The Çemberlitaş Hamam is a historical hammam (bathhouse) (hamam) that was built beside Divan Yolu, a processional road dating back to the Byzantine Era that once led to Rome, in the Çemberlitaş neighbourhood of Istanbul, Turkey. Often attributed to Mimar Sinan, it was constructed in 1584. The hamam is close to the Çemberlitaş stop on the T1 tramline.

== History ==

=== Construction and history ===
The Çemberlitaş Hamam was commissioned by Nurbanu Sultan, the head of the Ottoman imperial harem after the death of her second husband Selim II. After his death, her first son ascended to the throne and she held the title 'Mother of the Sultan'. She was responsible for guarding the royal family and was able to exercise administrative control over the imperial harem. In order to manage it she was given a stipend that increased according to the number of women in the harem. She used the money to develop several charitable endowments including the Çemberlitaş Hamam.

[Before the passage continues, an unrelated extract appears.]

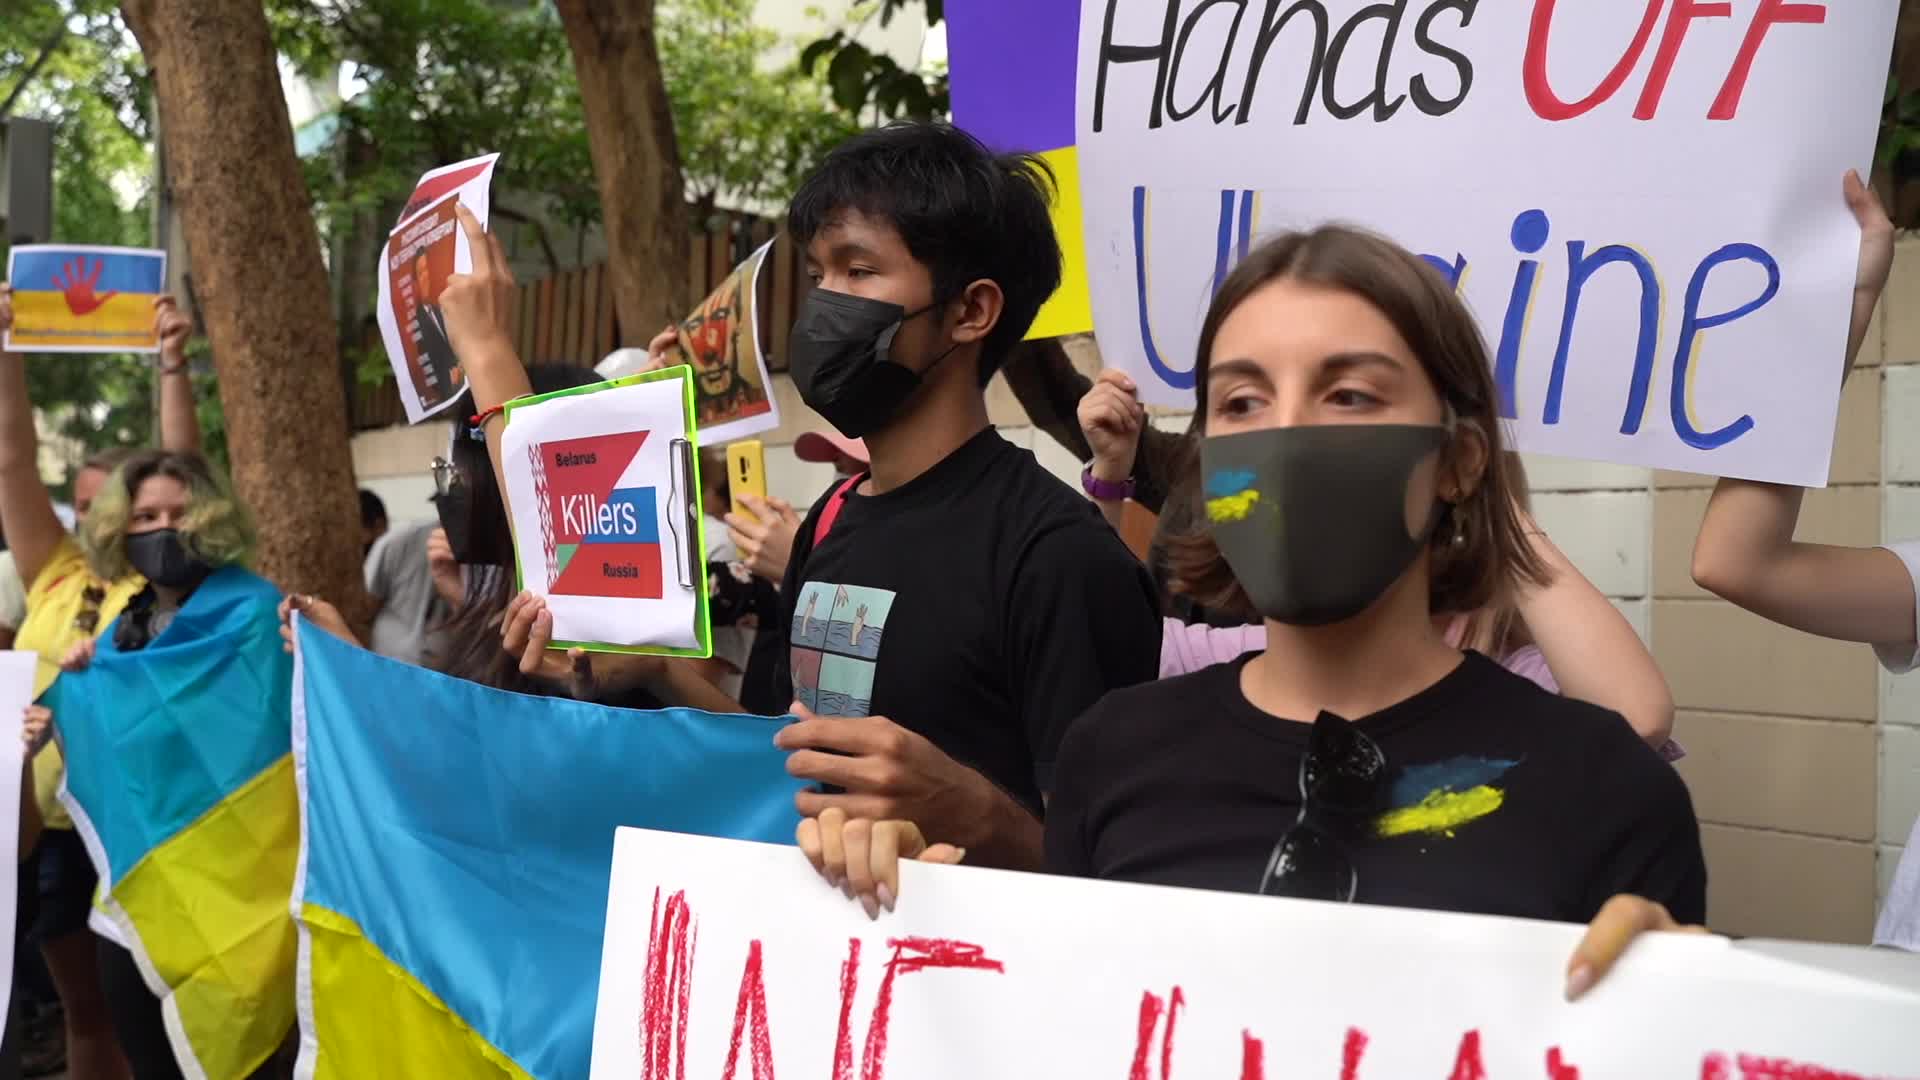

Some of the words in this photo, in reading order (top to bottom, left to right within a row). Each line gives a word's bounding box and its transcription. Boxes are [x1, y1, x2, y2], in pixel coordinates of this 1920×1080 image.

As a charitable endowment, the main purpose of the hamam was to serve Istanbulites. However, it also helped to communicate the power of the imperial family, and, through its financial success, it paid for the development of new mosque complexes such as the Atik Valide Mosque complex in Istanbul. The Çemberlitaş Hamam was a great financial success. When referred to in economic reports listing the profit rankings of the city, the Çemberlitaş was often listed above other places of business such as shops, fields, gardens, and houses which were taxed for revenue.

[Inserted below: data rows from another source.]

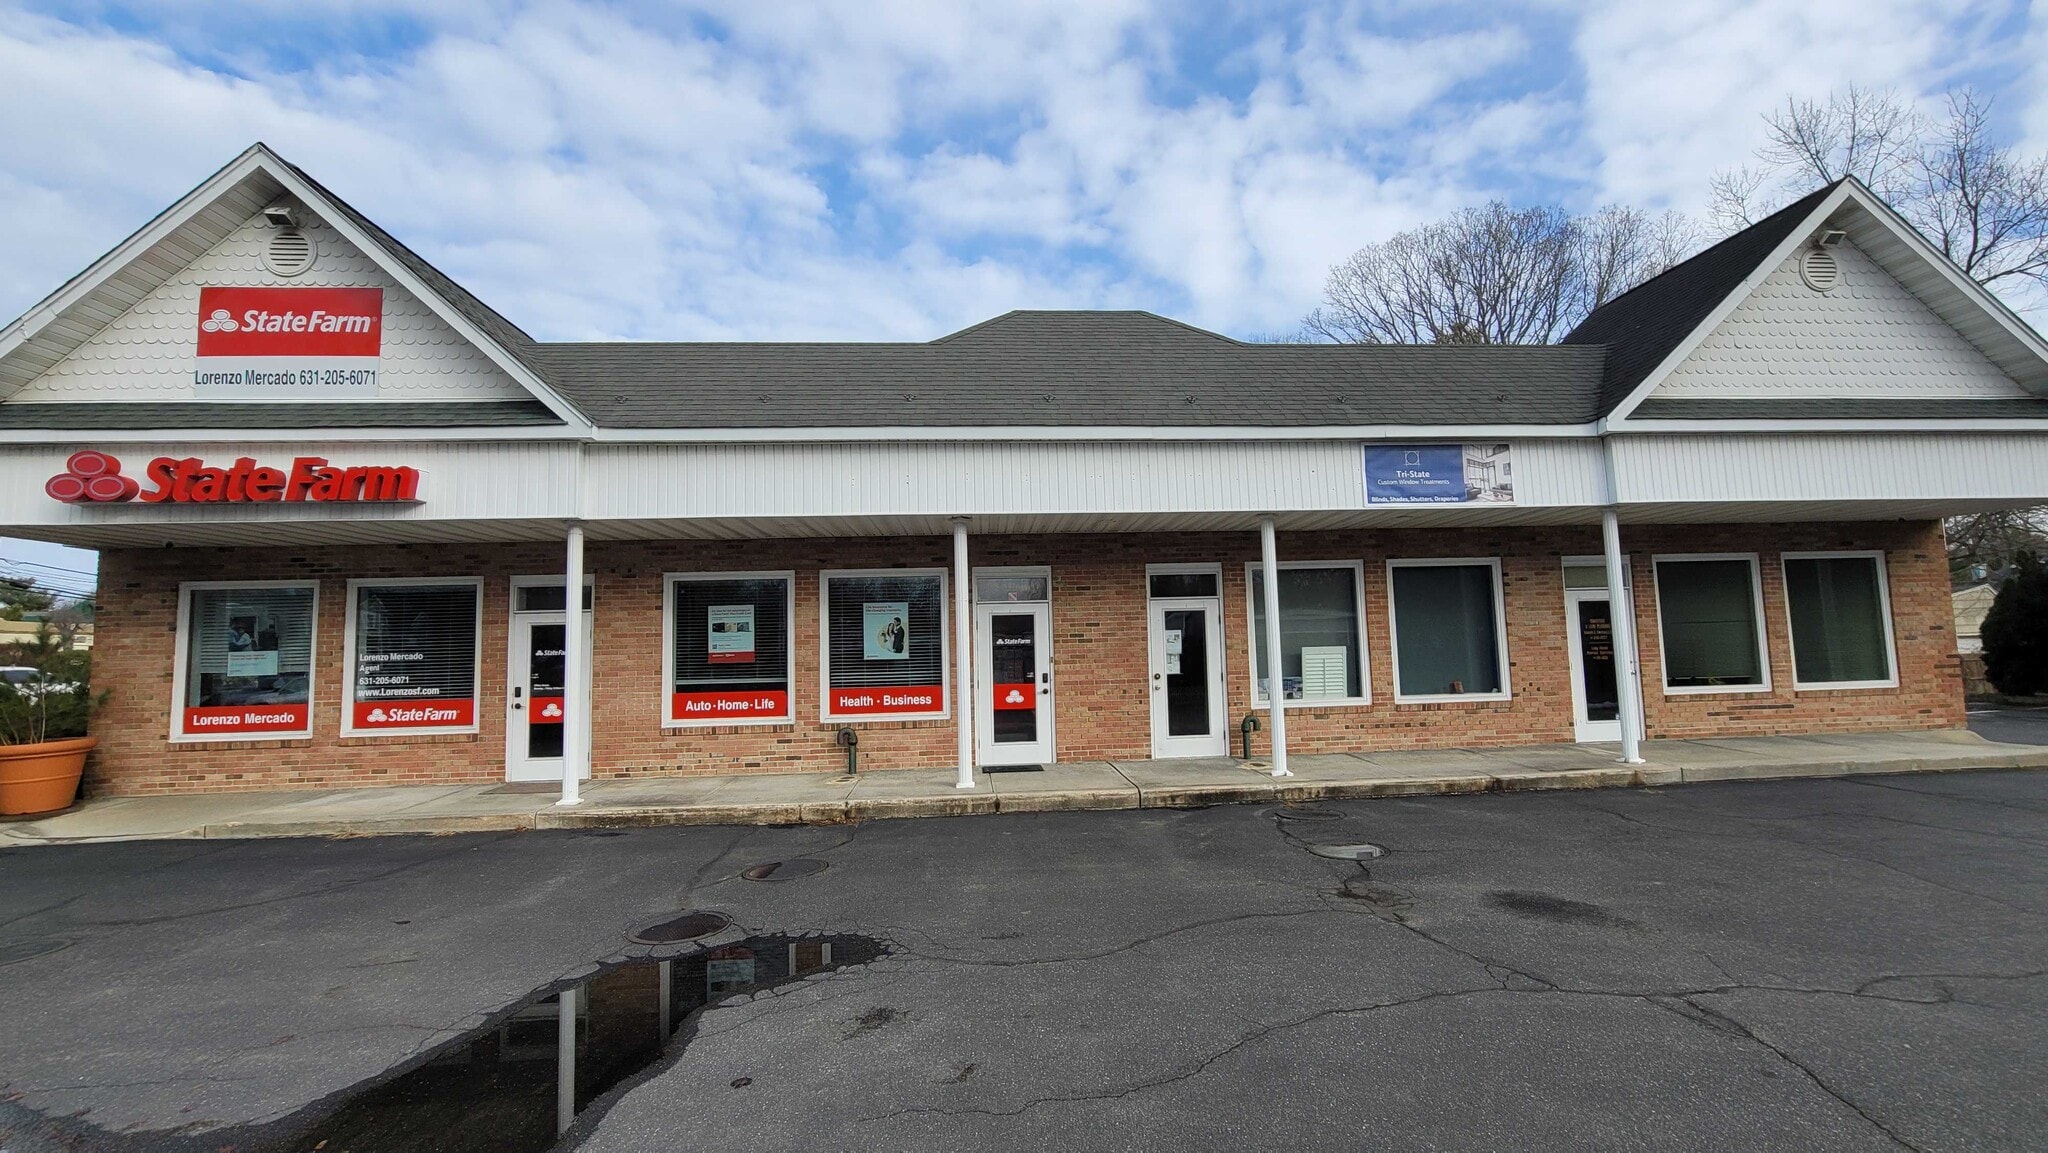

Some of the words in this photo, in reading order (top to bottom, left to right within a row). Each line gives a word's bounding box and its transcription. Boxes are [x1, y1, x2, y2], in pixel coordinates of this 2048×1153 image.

[195, 370, 242, 385] Lorenzo
[245, 370, 296, 385] Mercado
[300, 370, 376, 385] 631-205-6071
[1396, 470, 1430, 478] Tri-State
[360, 653, 389, 662] Lorenzo
[390, 652, 424, 661] Mercado
[359, 664, 380, 675] Agent
[359, 676, 409, 685] 631-205-6071
[358, 687, 440, 697] www.Lorenzosf.com
[685, 700, 712, 711] Auto
[717, 700, 749, 711] Home
[754, 699, 775, 710] Life
[839, 695, 874, 707] Health
[882, 694, 932, 706] Business
[193, 714, 240, 726] Lorenzo
[244, 712, 295, 724] Mercado

Mimar Sinan is often credited as the architect of the Çemberlitaş Hamam. However, in the five-volume autobiography which lists all his completed works, the Çemberlitaş is only cited once in the fifth volume written after his death. In contrast to the Atik Valide Mosque which he lists in all five volumes, the Çemberlitaş Hamam was likely built by the team of architects that worked under him and completed his smaller projects with little to no supervision.

=== Later history ===

During the Ottoman Empire, buildings like the Çemberlitaş Hamam were constructed using stone and brick. Nonetheless, the Çemberlitaş Hamam was affected by many fires during its lifetime, and the lack of an effective fire-fighting unit contributed to the damage done. In July 1660, a fire raged so intensely over two days that it left the hamam and the area around it so devastated that rent at the hamam had to be cut in half. Massive earthquakes in 1719, 1754, and 1766, along with a fire in 1782. resulted in extensive structural damage to the hamam. In February 1667–8, around 6% of the hamam's income was spent on water conduits and unspecified repairs.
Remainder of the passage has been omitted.